Article by Pat Fiorenza, Research Analytics Manager – RMS

Are you thinking about strategies to grow your business? Expanding into a new market? Opening a new store? Offering a new degree program? Reimagining the way you do business? Feasibility studies are often an essential first step to getting you the data you need, particularly if you are applying for a business loan, grant, or justification from an accreditation board. Having an independent, credible, third-party partner like RMS is critical to getting clarity on your project and gives you and your creditors confidence in the investment.

RMS recognizes the importance of these studies, as they will ultimately dictate important business decisions, and takes special care to position your company for success. Before we share some methods to conduct a feasibility study, let’s examine why you may need to engage in a feasibility study. Here are six examples:

  1. You are looking to open a new store and need to assess the location as a requirement for a business loan.
  2. You want to start a nursing program and need to justify the demand to an accreditation board.
  3. You have a new product you want to test before a full launch.
  4. You have tremendous success with a particular product and want to scale, so you need to examine other markets to pursue.
  5. You are assessing the viability of merging with another company and want to examine the associated risks, costs, and benefits.
  6. You are expanding a social services program and want to assess the potential issues, challenges, or obstacles and intend to use the study to support grant funding and program design.

These examples are just the start. There are infinite reasons why you may decide to invest in a feasibility study. Ultimately, the end goal is the same: determining if the project is viable. To start your thinking on how to conduct a feasibility study best, we’ve tried to simplify feasibility studies into an easy-to-understand framework. For our market research feasibility studies, typically, we see three stages. You may be in all three stages, one, two, or none – whatever stage you are in, we can help guide you towards making a go or no-go decision, backed with authoritative data. Each step is discussed below, along with some suggested methodologies.
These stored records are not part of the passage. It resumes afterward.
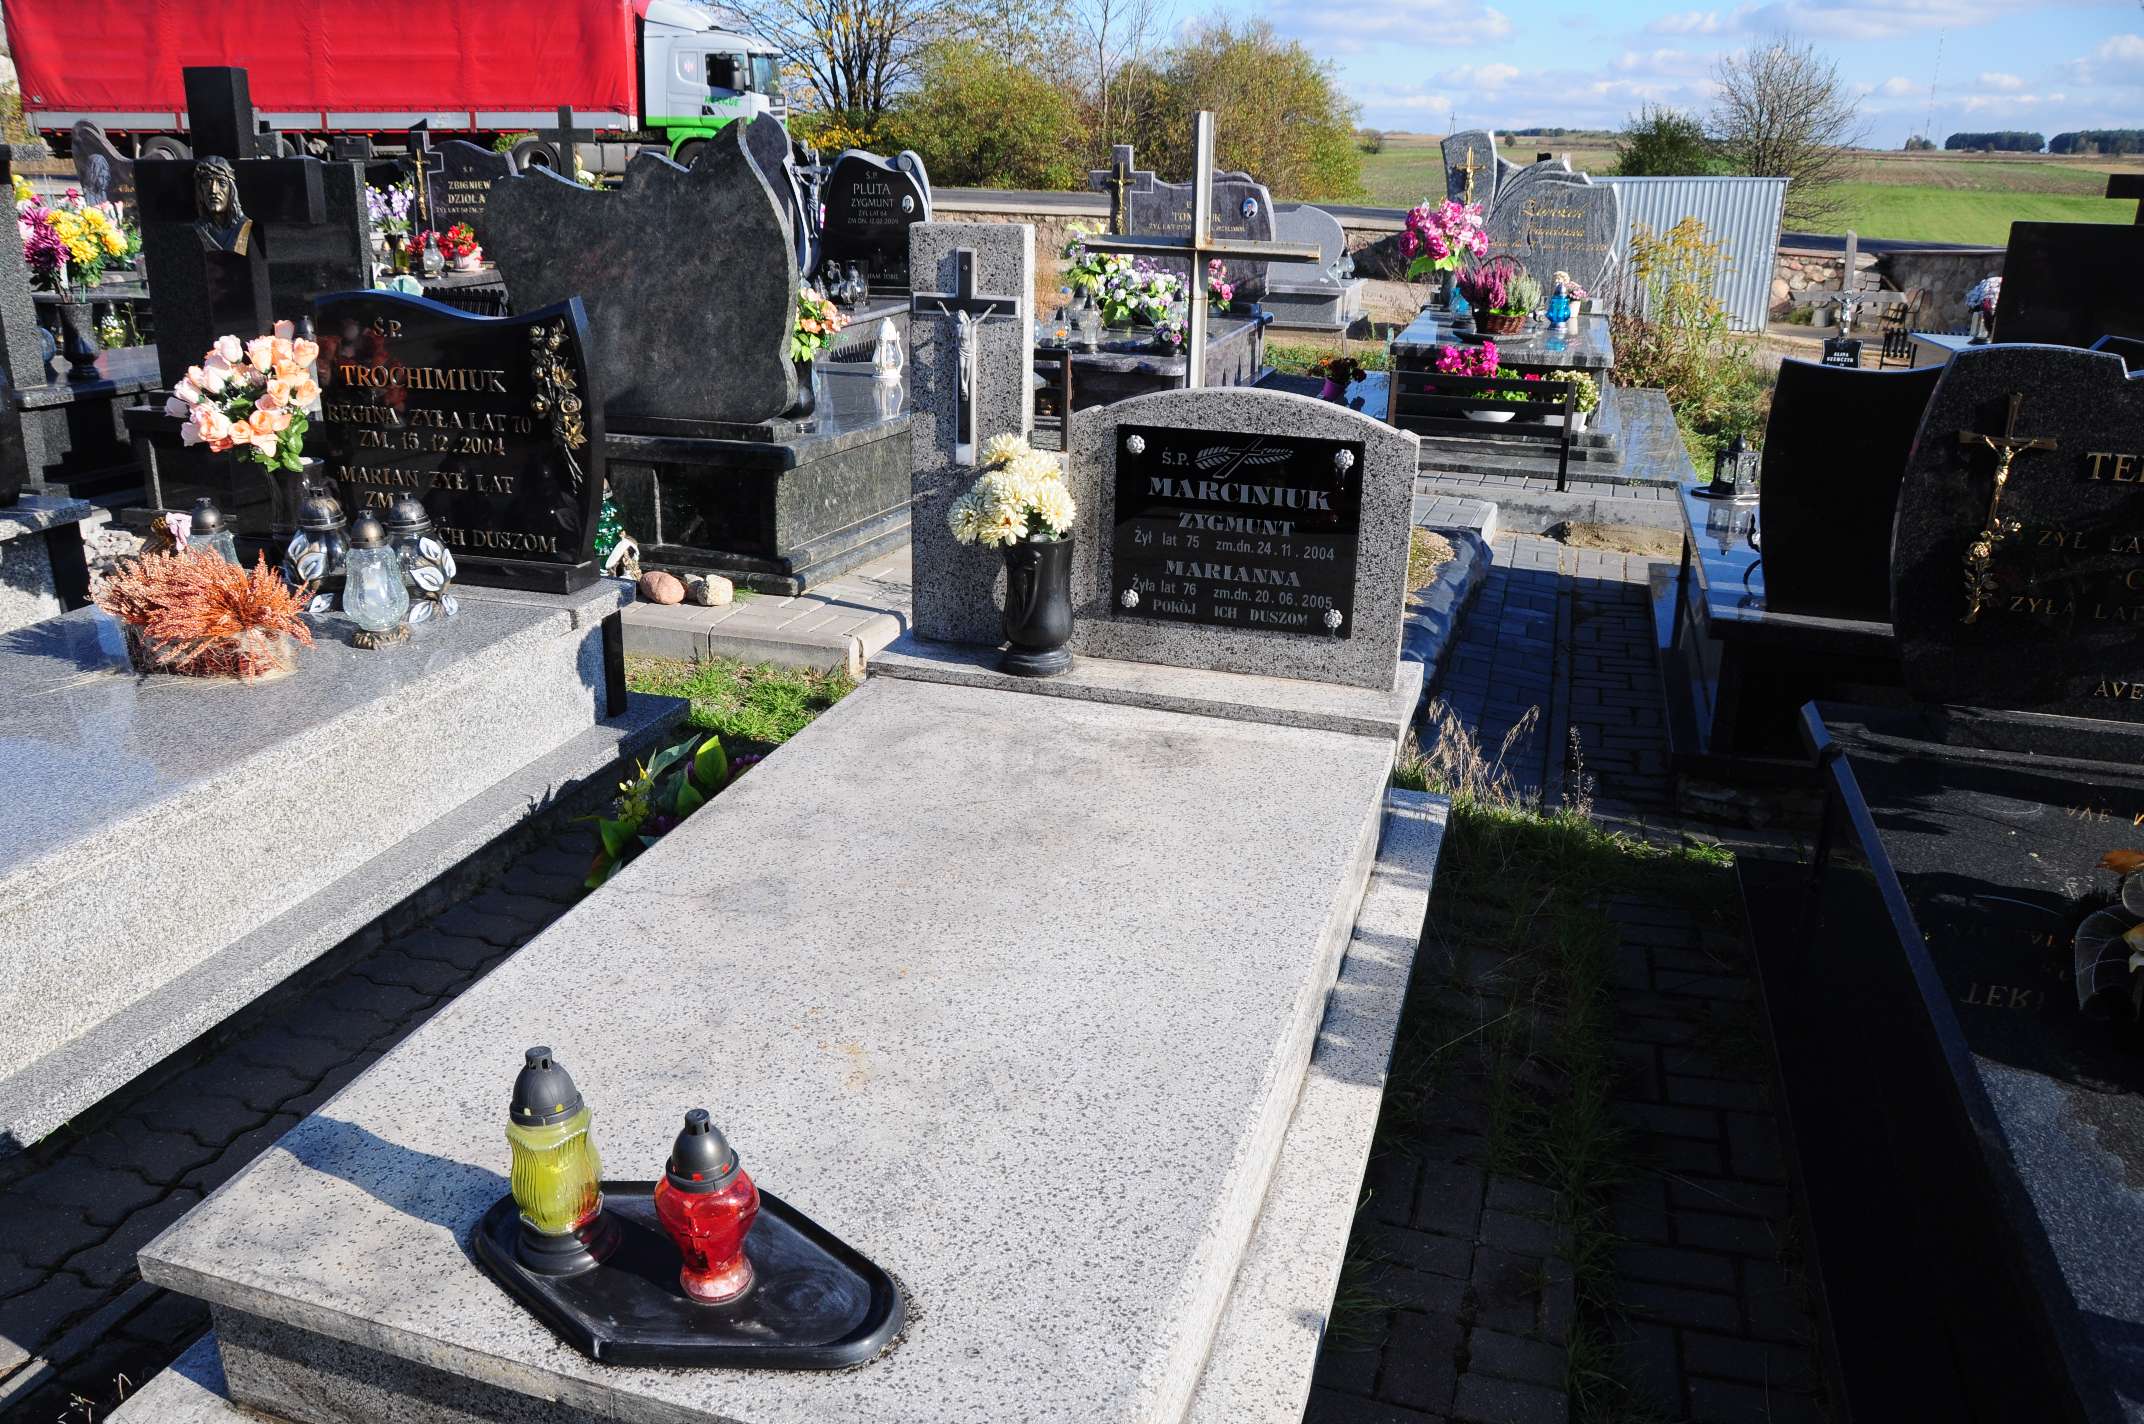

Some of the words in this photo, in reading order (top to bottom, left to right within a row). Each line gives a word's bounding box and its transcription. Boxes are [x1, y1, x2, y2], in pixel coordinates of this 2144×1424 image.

[447, 180, 491, 190] ZBIGNIEW
[853, 183, 891, 195] PLUTA
[851, 198, 894, 208] ZYGMUNT
[339, 364, 507, 393] TROCHIMIUK
[328, 404, 401, 426] REGINA
[465, 411, 507, 432] LAT
[359, 430, 395, 448] ZM.
[337, 465, 419, 488] MARIAN
[474, 474, 515, 496] LAT
[1147, 477, 1331, 511] MARCINIUK
[1178, 511, 1296, 537] ZYGMUNT
[471, 528, 558, 554] DUSZOM
[1134, 526, 1152, 546] Żył
[1162, 531, 1177, 547] lat
[1186, 534, 1200, 549] 75
[1132, 573, 1155, 594] Żyła
[1161, 579, 1176, 595] lat
[1183, 582, 1197, 596] 76
[1164, 559, 1301, 587] MARIANNA
[1152, 598, 1197, 615] POKÓJ
[1214, 607, 1238, 620] ICH
[1250, 609, 1308, 626] DUSZOM
[2094, 680, 2144, 700] AVE
Stage 1: Initial Analysis to Examine the Viability of Your Project

The first step is to start small and do some initial analysis to understand the viability of your project. This means assessing demographic and target market data. We suggest conducting additional secondary research and referencing current studies related to your project. This is crucial to understanding if there is demand in your area and identifying any important demographic trends that impact your project. We also recommend gathering data about your competitors, helping you to hone your value proposition against your competition.

Demographics & Target Market Analysis

Demographic analysis is critical to understanding your market, size, capacity, and whether it can support your goals. Our analytics team quickly and efficiently analyze data from government sources and the latest available demographic data.

How it helps: Understand the market you are venturing into and if sufficient demand exists or who else to potentially target your services.

Literature Review

Before you commit to your project and the resources for doing primary research, you may want to consider conducting some secondary research. What information do you already know? Who has done this work? What kind of surveys, focus groups, and interviews, have already taken place? We can save you ample time and resources by conducting secondary research to do an initial assessment. You never know what you may find.

Conducting a Competitive Assessment

RMS has done many studies that look at the local competition or assess the market trends within an industry. We access several data sources and conduct thorough web searches to understand the competitive landscape of your service.

Stage 2: Optimize Your Project & Define Clear Scope

You primarily work to optimize and define your product/service during this stage. You now have a good sense of your offerings and are ready to test it in the market. During this stage, you may want to consider assessing the market potential and forecasting, looking at trends within your industry and expectations for the future. If you have a location (say opening a store), now is the time to dive deeply into the location to ensure it’s the right spot for your venture. Also, during this stage, you can confidently begin conducting primary research, like surveys, IDIs, and focus groups. You may also want to consider doing some mystery shopping. Finally, now is the time to examine your pricing model and ensure that it aligns with market demand and your consumer.

Assessing the Market Potential & Forecasting

Understanding your market size is critical, but it’s different from demographic analysis. We can assess if the market is saturated with your product/service and estimate the demand in the area.

Selecting the Best Location

If you’re considering brick-and-mortar, we can help assess your location. We can layer data to help identify the right spot, look at various variables and make data-based recommendations if your proposed site is feasible.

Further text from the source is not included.